TASK PROMPT :: Print every line below exactly. Skip the pictures.

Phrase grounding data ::
>>>

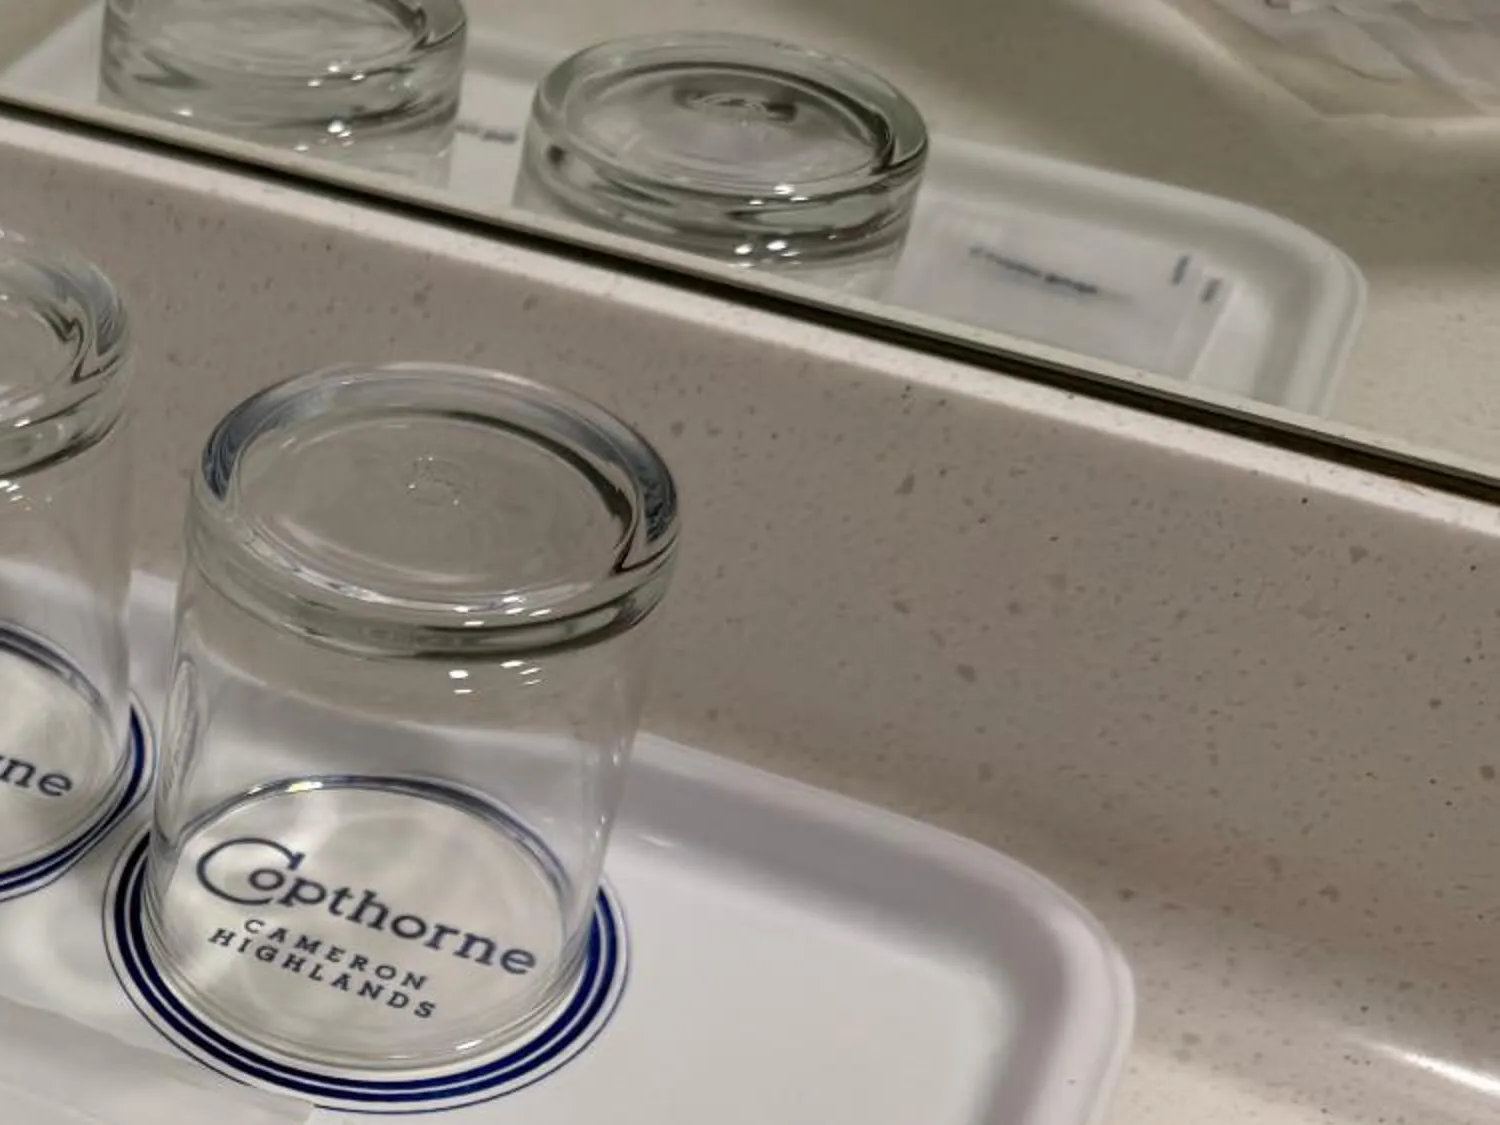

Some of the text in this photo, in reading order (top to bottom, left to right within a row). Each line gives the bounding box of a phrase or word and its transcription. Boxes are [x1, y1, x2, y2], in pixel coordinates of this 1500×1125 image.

[195, 836, 537, 976] Copthorne
[207, 927, 436, 1020] HIGHLANDS
[244, 918, 429, 990] CAMERON
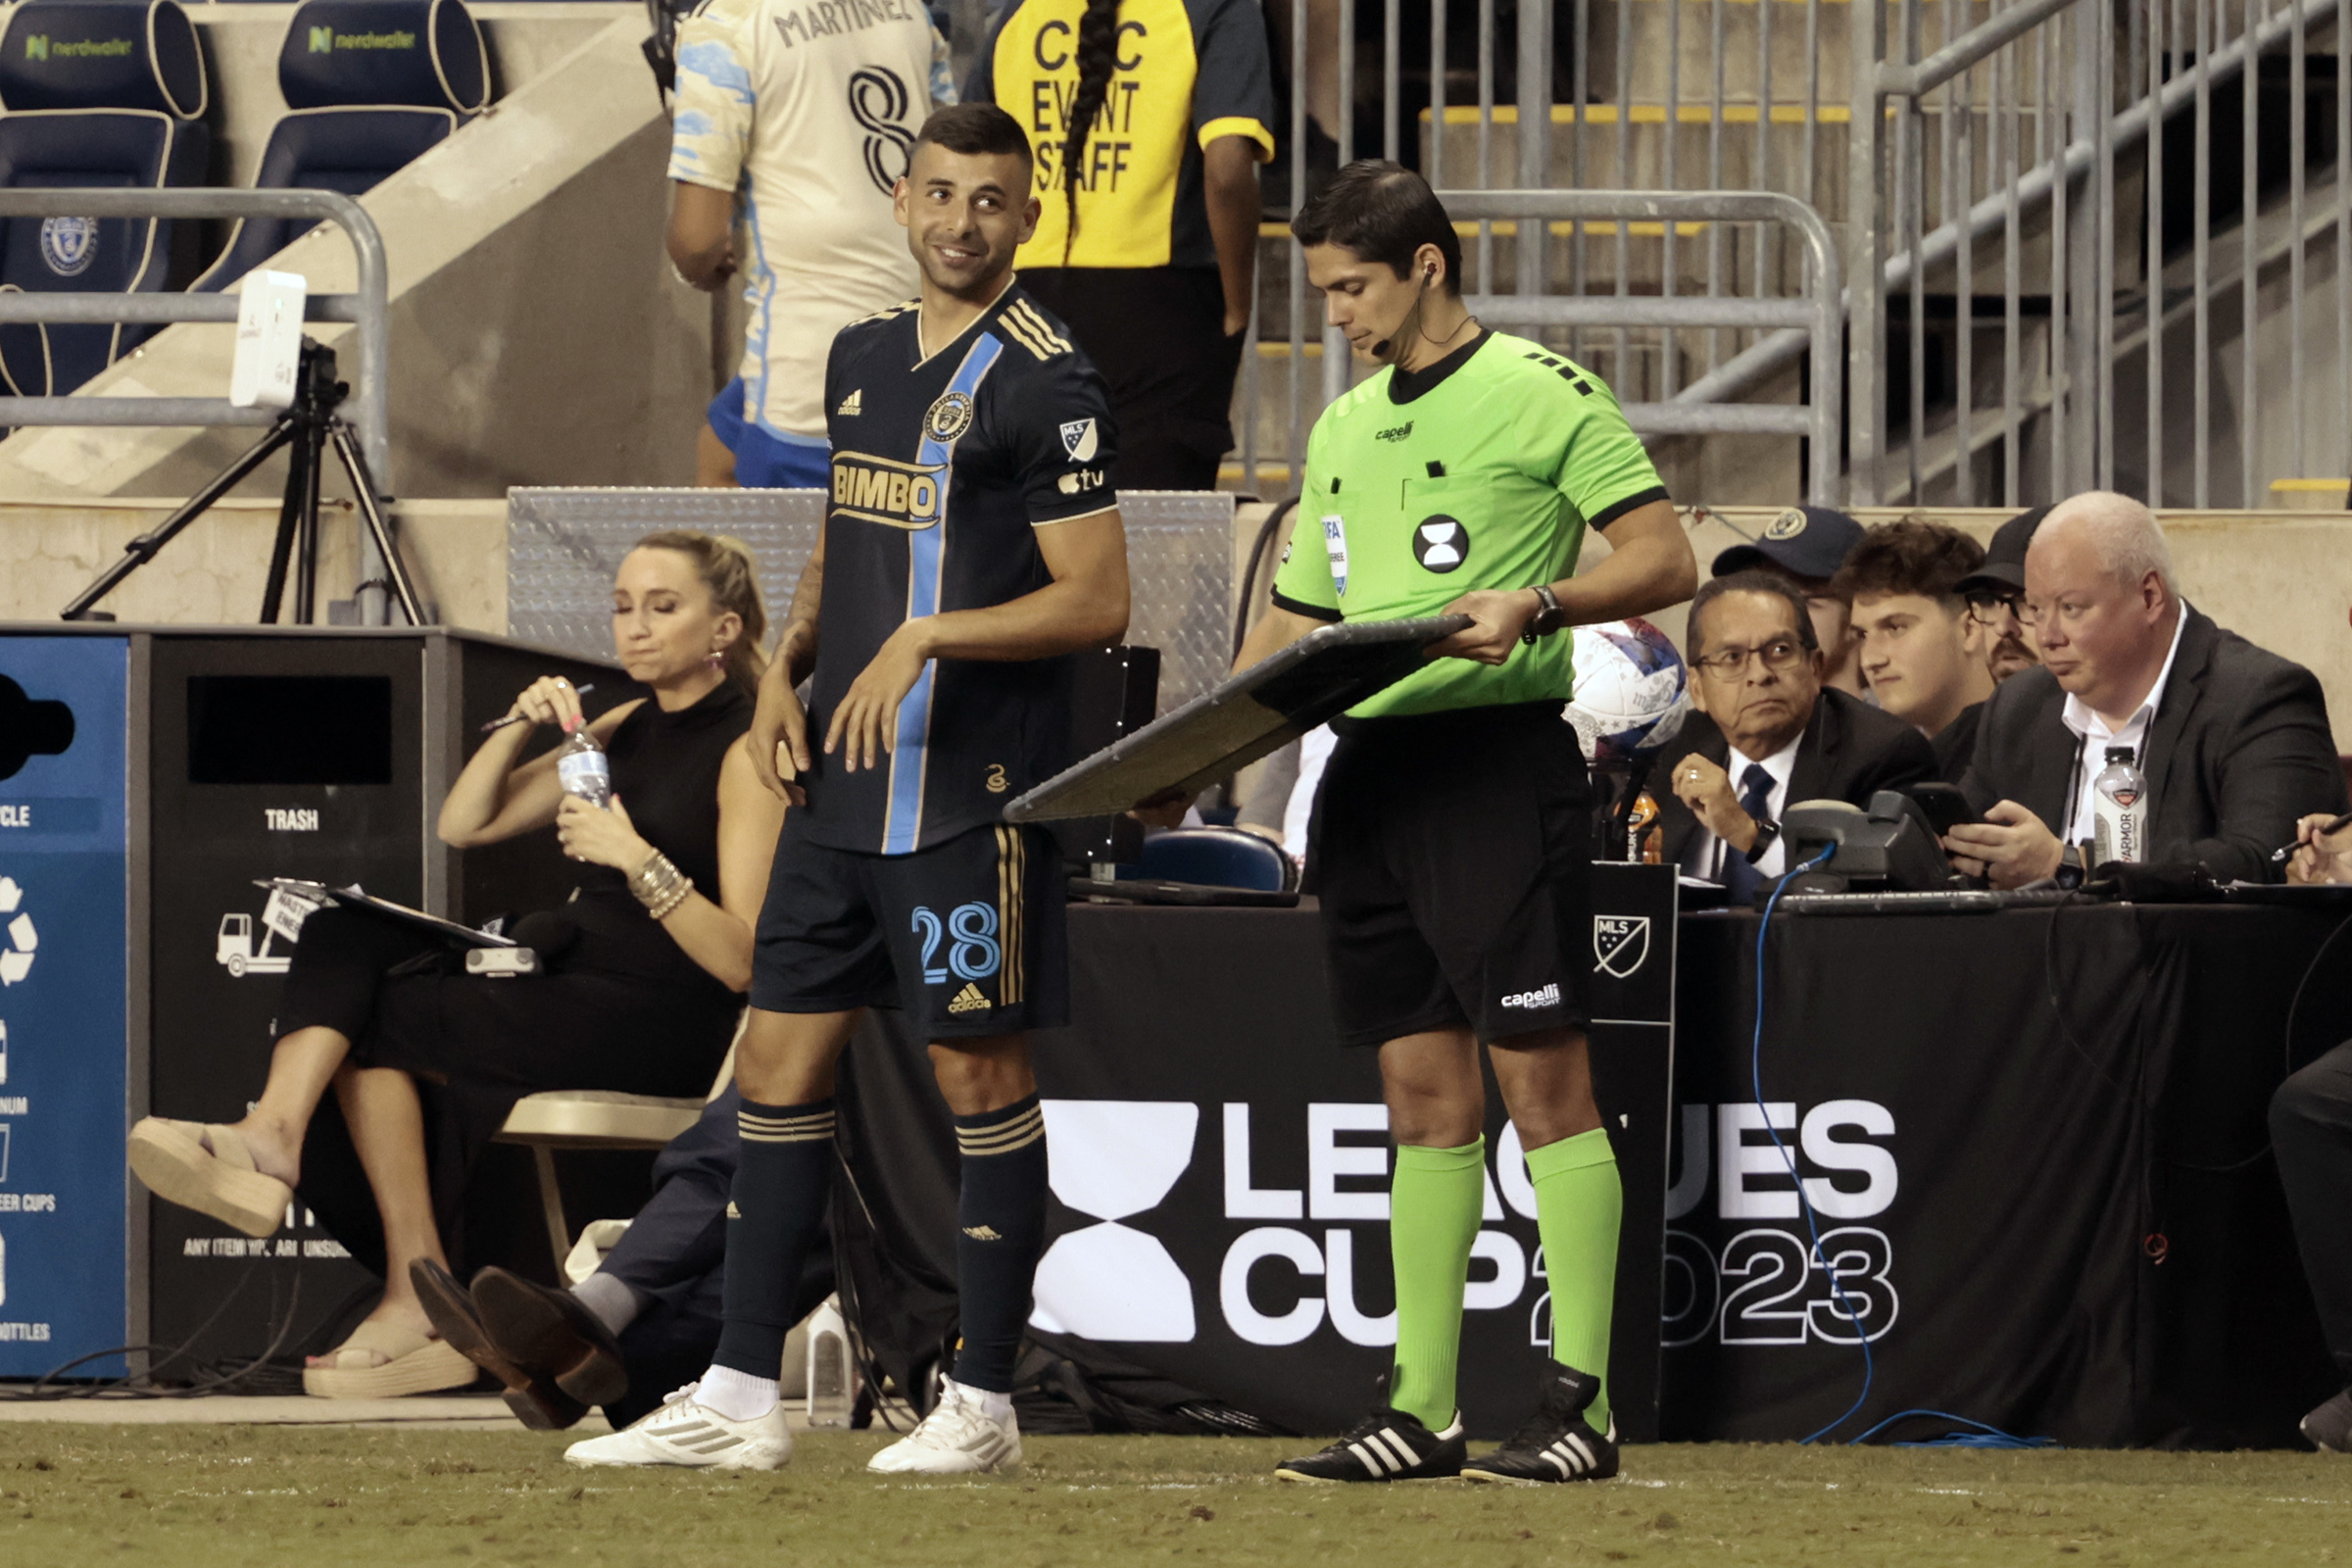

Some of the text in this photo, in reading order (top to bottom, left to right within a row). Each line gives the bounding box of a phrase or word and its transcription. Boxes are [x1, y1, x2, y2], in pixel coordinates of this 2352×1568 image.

[1035, 21, 1147, 71] CC
[1034, 80, 1140, 132] EVNT
[849, 65, 918, 197] 8
[1063, 423, 1084, 435] MLS
[833, 465, 938, 518] BIMBO
[1080, 468, 1103, 490] tv
[266, 809, 318, 831] TRASH
[1598, 920, 1629, 934] MLS
[911, 901, 1001, 984] 28
[948, 998, 992, 1013] adidas
[1500, 983, 1560, 1008] capelli
[1223, 1100, 1898, 1220] LEES
[23, 1194, 56, 1212] CUPS
[183, 1238, 211, 1256] ANY
[213, 1238, 246, 1256] ITEM
[1220, 1226, 1526, 1347] CUP

<<<

EXPECTED OUTPUT ::
Some of the text in this photo, in reading order (top to bottom, left to right within a row). Each line gives the bounding box of a phrase or word and its transcription. Boxes are [x1, y1, x2, y2], in pixel coordinates of this 1500×1125 image.

[195, 836, 537, 976] Copthorne
[207, 927, 436, 1020] HIGHLANDS
[244, 918, 429, 990] CAMERON

Some of the text in this photo, in reading order (top to bottom, left to right within a row). Each line gives the bounding box of a phrase or word and its transcription. Boxes are [x1, y1, x2, y2], in pixel coordinates of this 2352×1568 image.

[1035, 21, 1147, 71] CC
[1034, 80, 1140, 132] EVNT
[849, 65, 918, 197] 8
[1063, 423, 1084, 435] MLS
[833, 465, 938, 518] BIMBO
[1080, 468, 1103, 490] tv
[266, 809, 318, 831] TRASH
[1598, 920, 1629, 934] MLS
[911, 901, 1001, 984] 28
[948, 998, 992, 1013] adidas
[1500, 983, 1560, 1008] capelli
[1223, 1100, 1898, 1220] LEES
[23, 1194, 56, 1212] CUPS
[183, 1238, 211, 1256] ANY
[213, 1238, 246, 1256] ITEM
[1220, 1226, 1526, 1347] CUP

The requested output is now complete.